Today’s Financial Times had an article on this subject under the heading “Triple blow spurs central banks”. As usual, there was no mention of the cause of the “blows”, only reporting of the facts. I thought two paragraphs in particular might be of interest to the readers of this blog. [Italics added for emphasis].
The first paragraph was about the result of an auction:
Yesterday morning in Europe the ECB offered $30bn of overnight money and found banks scrambling for the cash, willing to bid vastly over the 2 per cent policy rate of the Federal Reserve. The money was ultimately lent at a rate of 11 per cent.To the best of my knowledge, this rate differential is unprecedented in any dealing of the Western banks with a Western central bank.

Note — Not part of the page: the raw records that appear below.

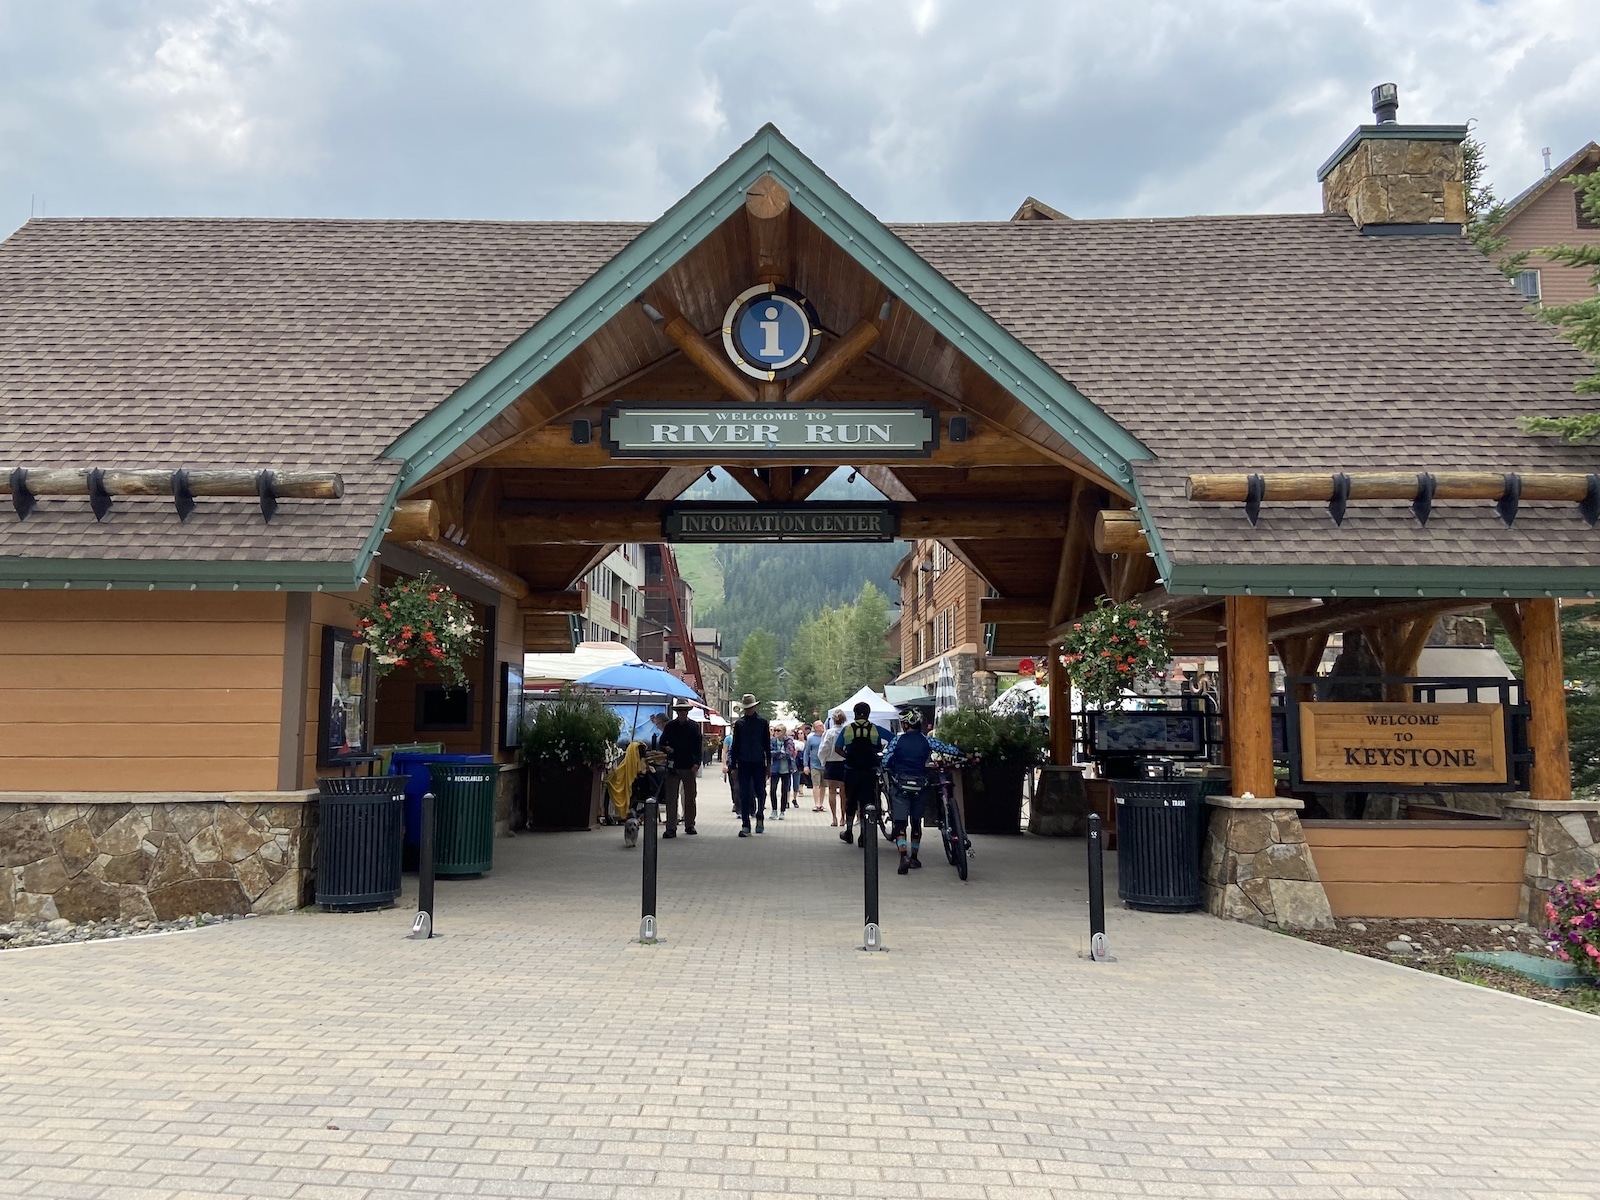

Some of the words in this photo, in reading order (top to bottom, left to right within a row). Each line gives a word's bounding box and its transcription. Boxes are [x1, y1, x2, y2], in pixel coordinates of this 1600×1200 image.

[759, 307, 784, 356] i
[717, 412, 797, 421] WELCOME
[807, 412, 827, 421] TO
[651, 424, 780, 443] RIVER
[805, 424, 892, 443] RUN
[681, 515, 804, 532] INFORMATION
[811, 515, 881, 532] CENTER
[1366, 715, 1439, 725] WELCOME
[1394, 733, 1413, 742] TO
[1344, 747, 1476, 767] KEYSTONE

The second paragraph is about freeze in the “wholesale” money markets which I described in the previous entry:
The lack of any business in wholesale money markets was demonstrated by the enormous use of the European Central Bank’s standing lending and borrowing facilities. Some European banks parked €44bn overnight at the ECB on its penalty 3.25 per cent rate on Monday night while others borrowed €15.4bn at its 5.25 per cent penalty rate.The end-of-quarter funding requirements no doubt exacerbated the money famine. But even accounting for the technical distortions, what we are witnessing is a deep crisis in the financial system whose real causes remain hidden from the view of virtually all experts and policymakers.
They did not deal with each other, as they would normally.
2 comments:
What do you believe are the real reasons for the "turmoil"?
Bakari,
Read the Credit Woes series (all 10 parts, starting in Feb. That should help.
This weekend, I will post another entry without too much theoretical background just to have answered your question. The turmoil -- crisis, really -- boils down to the abuse of the concept of value.